Exercise goal: Give again, unaltered, the lines of the listing below that run from the line having "this 1500×1334 image." through the line having "Some of the words".

Given data:
****************

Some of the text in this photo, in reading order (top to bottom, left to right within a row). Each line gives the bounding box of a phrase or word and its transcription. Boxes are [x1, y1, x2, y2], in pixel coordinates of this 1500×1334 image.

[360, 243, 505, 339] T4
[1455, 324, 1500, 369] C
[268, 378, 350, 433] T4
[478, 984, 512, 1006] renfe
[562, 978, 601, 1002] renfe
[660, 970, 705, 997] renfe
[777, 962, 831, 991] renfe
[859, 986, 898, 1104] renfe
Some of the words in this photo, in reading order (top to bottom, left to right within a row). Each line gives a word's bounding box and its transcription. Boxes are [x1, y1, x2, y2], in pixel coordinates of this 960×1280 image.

****************

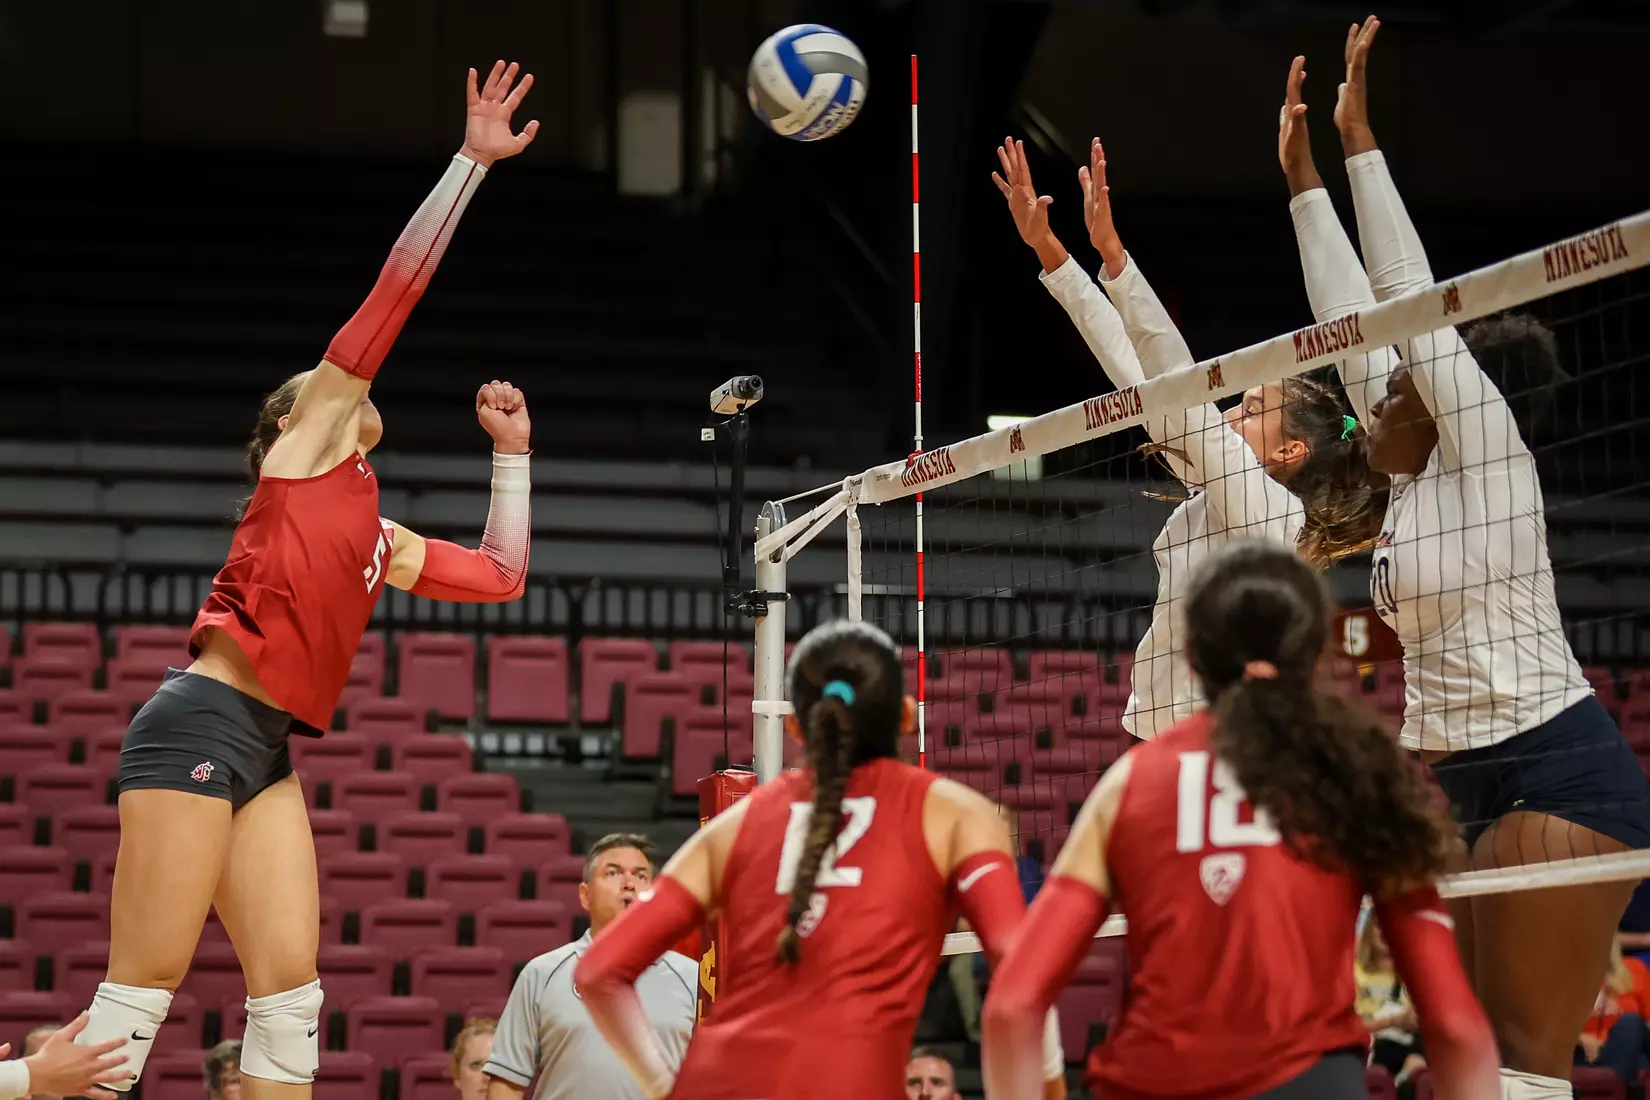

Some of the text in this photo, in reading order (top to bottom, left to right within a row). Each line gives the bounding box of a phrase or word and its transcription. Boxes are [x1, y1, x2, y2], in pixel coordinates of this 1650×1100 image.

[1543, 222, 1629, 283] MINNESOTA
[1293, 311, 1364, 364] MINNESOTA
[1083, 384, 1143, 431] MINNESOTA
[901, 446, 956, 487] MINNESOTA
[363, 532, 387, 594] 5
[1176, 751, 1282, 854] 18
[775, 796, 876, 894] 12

****************

Reply to the task:
Some of the text in this photo, in reading order (top to bottom, left to right within a row). Each line gives the bounding box of a phrase or word and its transcription. Boxes are [x1, y1, x2, y2], in pixel coordinates of this 1500×1334 image.

[360, 243, 505, 339] T4
[1455, 324, 1500, 369] C
[268, 378, 350, 433] T4
[478, 984, 512, 1006] renfe
[562, 978, 601, 1002] renfe
[660, 970, 705, 997] renfe
[777, 962, 831, 991] renfe
[859, 986, 898, 1104] renfe
Some of the words in this photo, in reading order (top to bottom, left to right within a row). Each line gives a word's bounding box and its transcription. Boxes are [x1, y1, x2, y2], in pixel coordinates of this 960×1280 image.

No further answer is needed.